Best Sunscreen for the Face

La Roche-Posay Anthelios 60 Ultra Light Sunscreen Fluid ($29.50) is made with a filtering system of avobenzone and octocrylene to protect against both UVA and UVB rays, while boosting photostability (the rate at which a sunscreen breaks down under sunlight).

Coppertone Oil Free Foaming Sunscreen Lotion SPF 75+ ($9.99) is easy to apply over facial hair, plus it's noncomedogenic (meaning it won't clog your pores).

Hawaiian Tropic Sensitive Skin Oil-Free Face Lotion SPF 30 ($6.99) is lightweight and nongreasy -- a great option for those with sensitive or acne-prone skin.

Best Sunscreen for the Body

Aveeno Positively Ageless Sunblock Lotion SPF 70 ($11.99) is infused with feverfew, soy, and vitamin E, powerful antioxidants.

Lubriderm Advanced Therapy SPF 30 Lotion ($8.99), which is pumped up with a healthy dose of vitamins B5 and E, dries on contact.

Best Sunscreen for the Lips

Nivea A Kiss Of Protection Lip Care SPF 30 ($2.49) contains sun-shielding titanium dioxide, plus moisturizing shea butter to protect your pout.

Best Sunscreen for Sports

Neutrogena Wet Skin Sunblock Spray SPF 85 ($8.99) can be applied over wet skin after swimming or exercising (and it doesn't leave white marks!).

Best Sunscreen to Put in Your Laundry

Spike your detergent with SunGuard ($1.99), a powder laundry aid that amps up the ultraviolet protection factor (UPF) of your clothing to 30 and lasts through 20 washes.

The opinions expressed on this page are of the experts and are not the opinions of WebMD. WebMD does not endorse any specific product, service, or treatment.

Risk Factors for Skin Cancer

When 24-year-old tabbiecat_PCSM asked the WebMD skin cancer community about a mole on the back of her thigh, the moderator quickly responded. "Because skin cancer runs in your family and you are worried, I would definitely get it checked out," she wrote. Family history is just one risk factor for melanoma. Do you know the others?

1. Do you have fair or freckled skin that burns easily?
Yes      No

2. Do you have light-colored eyes or red or blond hair?
Yes      No

3. Have you had a lot of sun exposure or a history of blistering sunburns?
Yes       No

4. Do you have a family history of melanoma?
Yes      No

5. Do you have many large, irregularly shaped moles?        
Yes      No

Answers: Each is a risk factor for skin cancer. Sun exposure and sunburn are big risk factors; most skin cancers occur on areas that have been regularly exposed to the sun.
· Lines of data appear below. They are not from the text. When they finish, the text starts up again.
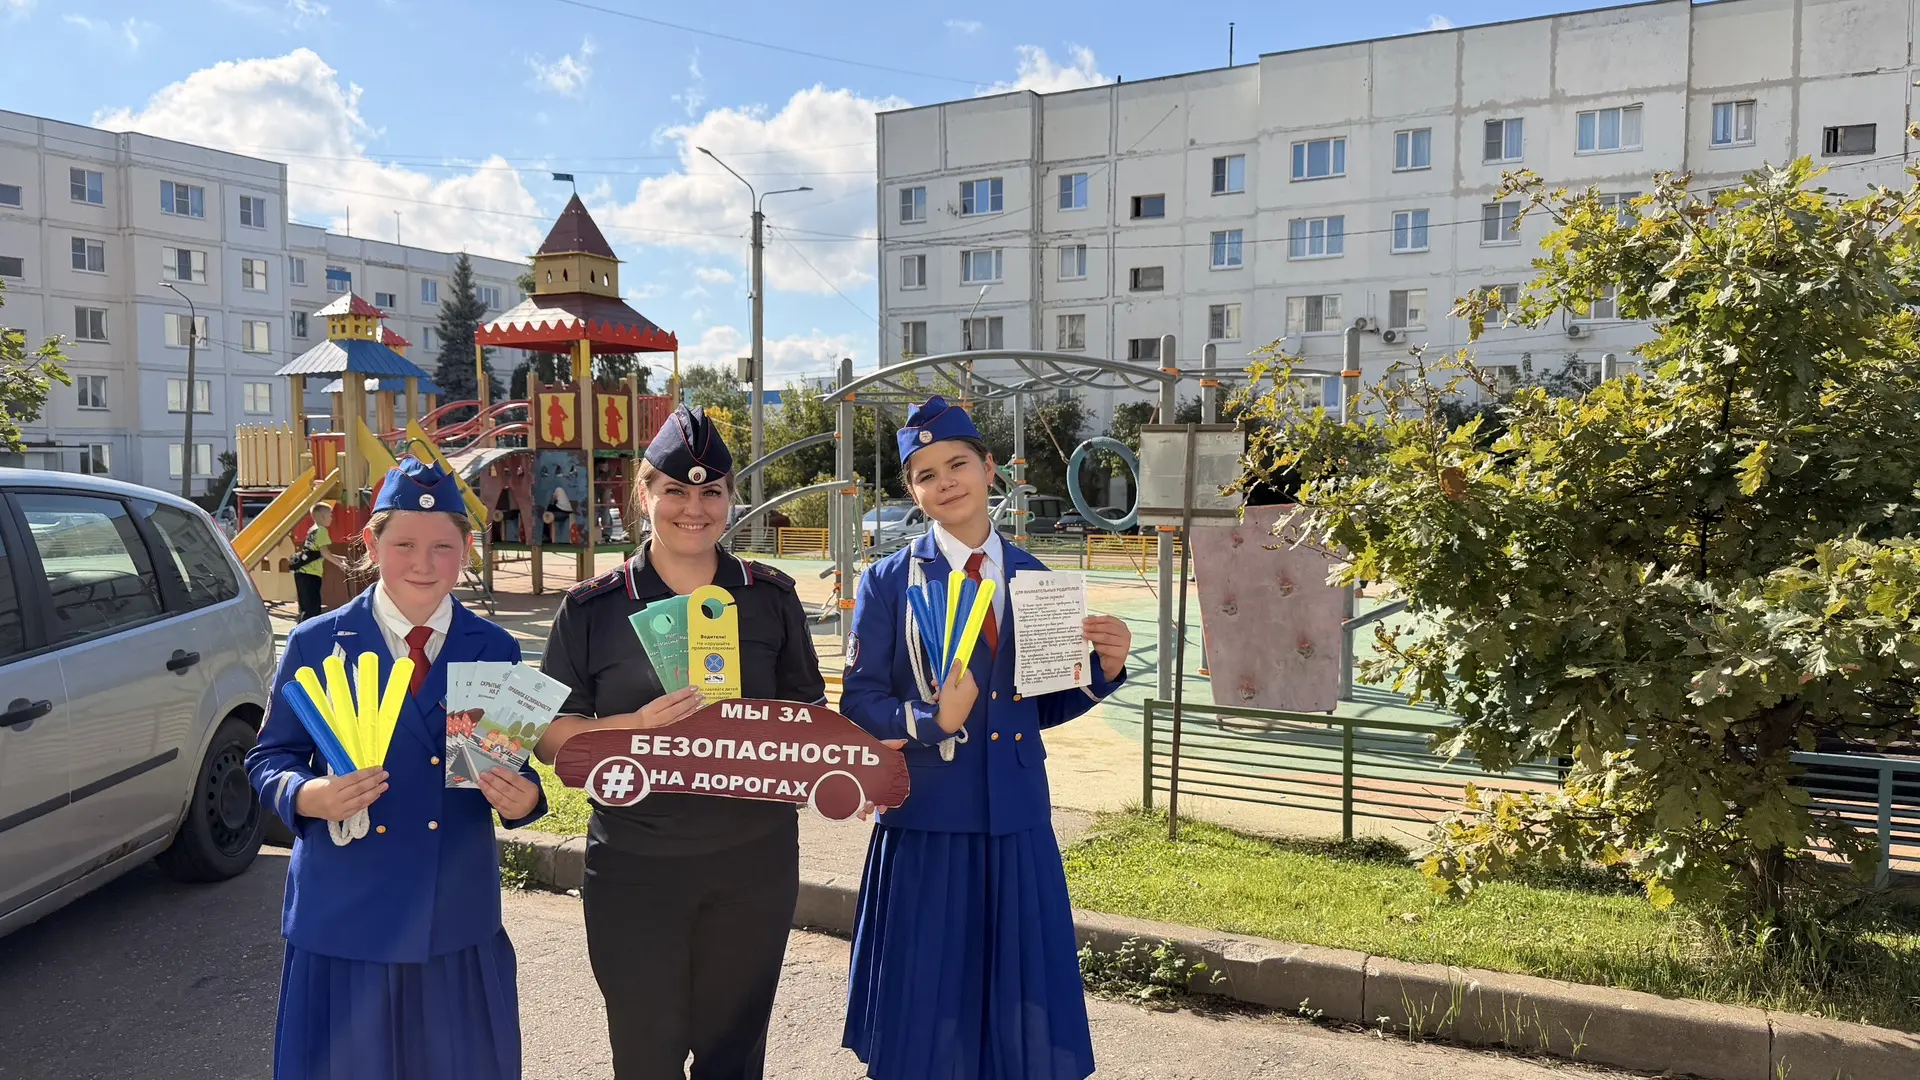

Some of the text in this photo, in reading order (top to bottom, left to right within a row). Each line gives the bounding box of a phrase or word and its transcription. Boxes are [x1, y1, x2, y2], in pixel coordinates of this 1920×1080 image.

[507, 685, 525, 698] ПРАВИЛА
[721, 703, 813, 723] МЫ ЗА
[630, 734, 880, 766] БЕЗОПАСНОСТЬ
[649, 769, 685, 786] НА
[691, 772, 809, 797] ДОРОГАХ
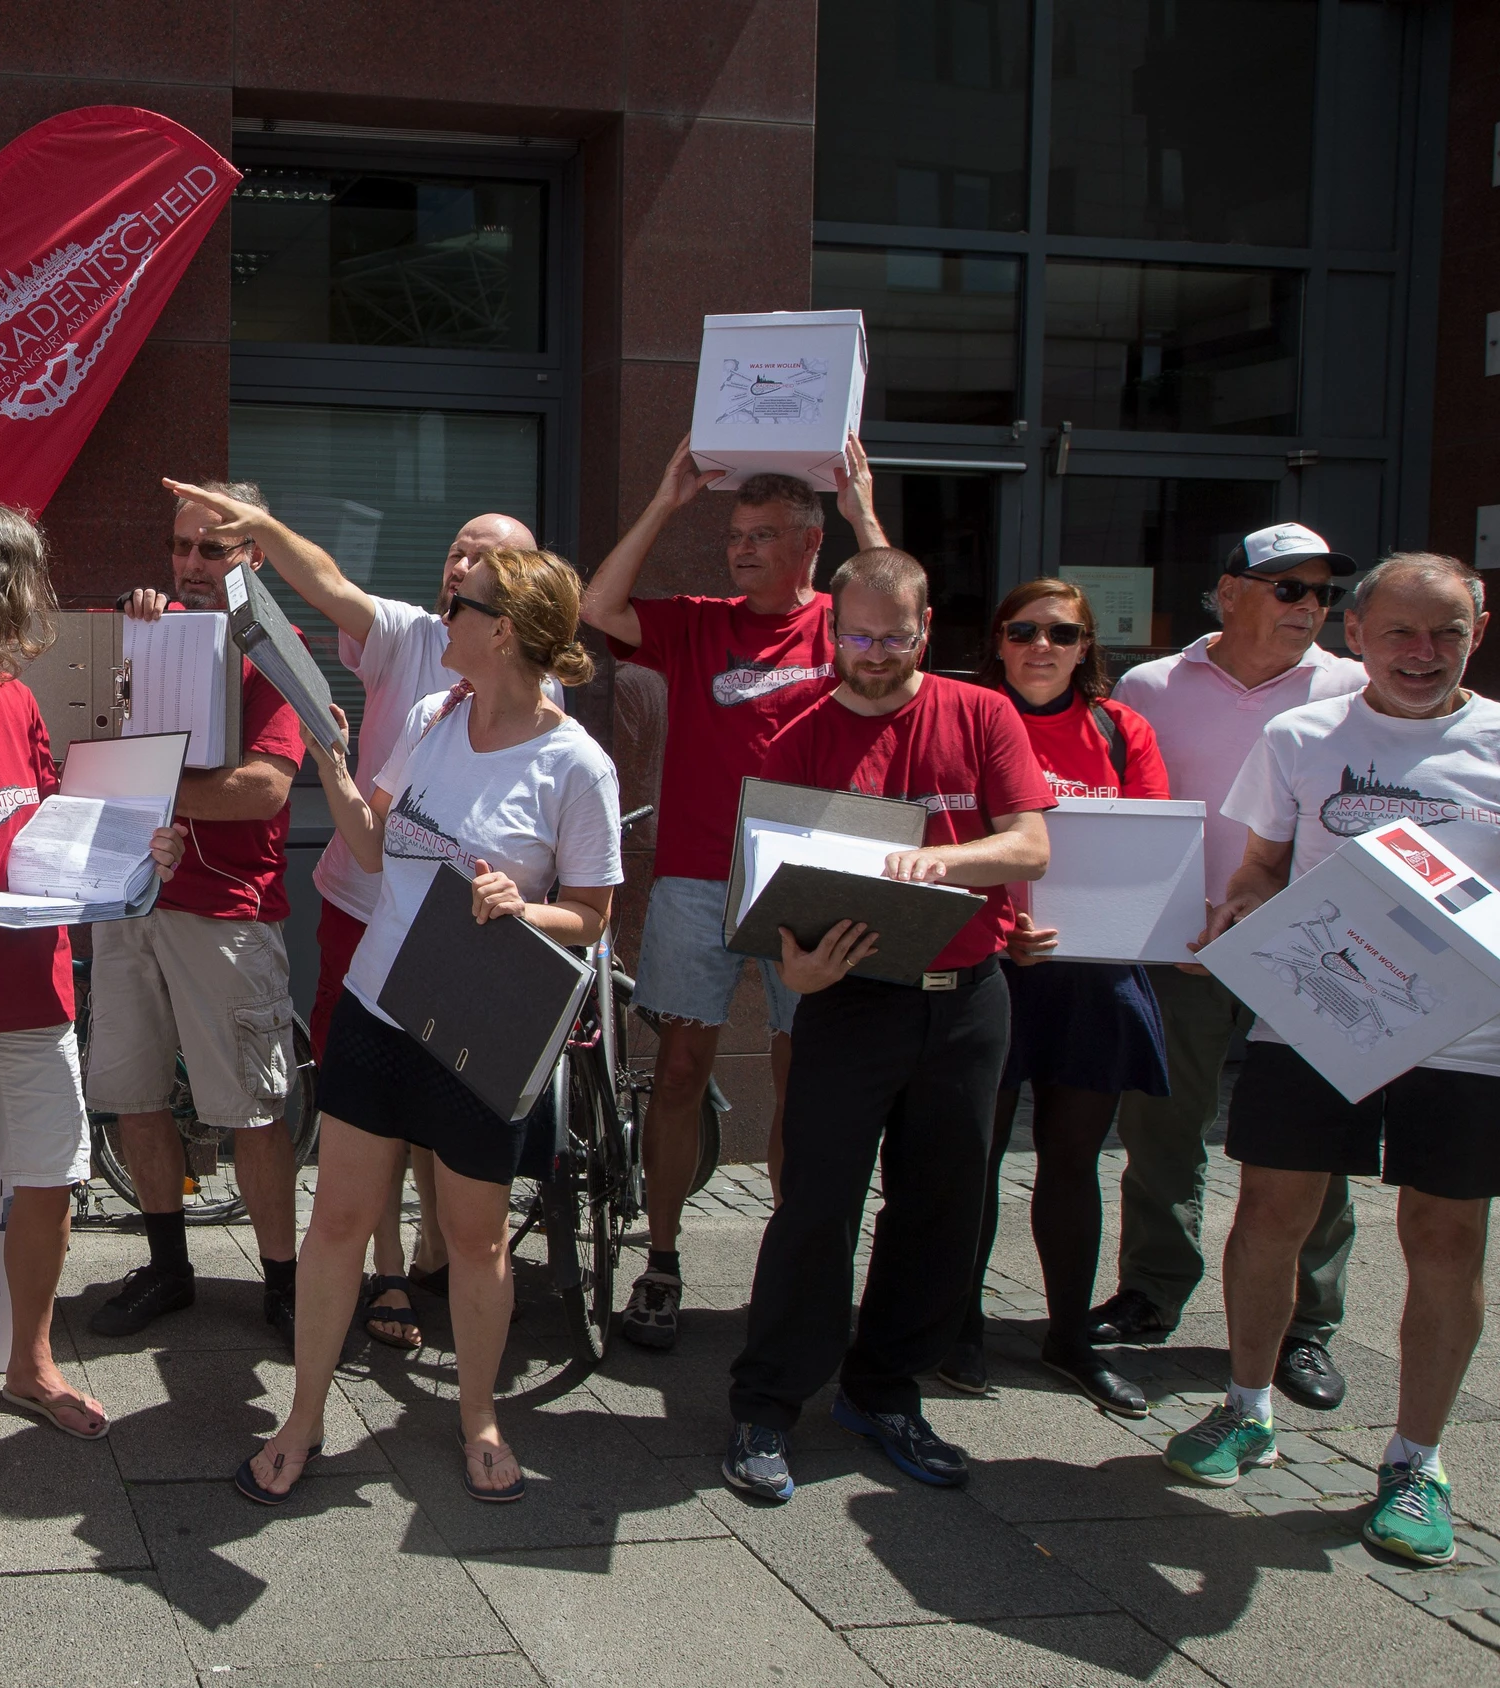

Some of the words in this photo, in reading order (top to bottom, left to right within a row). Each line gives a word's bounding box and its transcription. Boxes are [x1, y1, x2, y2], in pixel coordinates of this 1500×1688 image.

People with light eyes, skin, and hair are at greatest risk, even during cold-weather months. But even those with darker complexions can get all forms of skin cancer, so everyone should practice sun safety. Having lots of large, irregular moles makes you more likely to get a form of skin cancer called melanoma. So can a family history of melanoma or severe, blistering sunburns during childhood or adolescence. Ask your doctor to examine irregular moles, and make a thorough skin exam part of your regular checkups.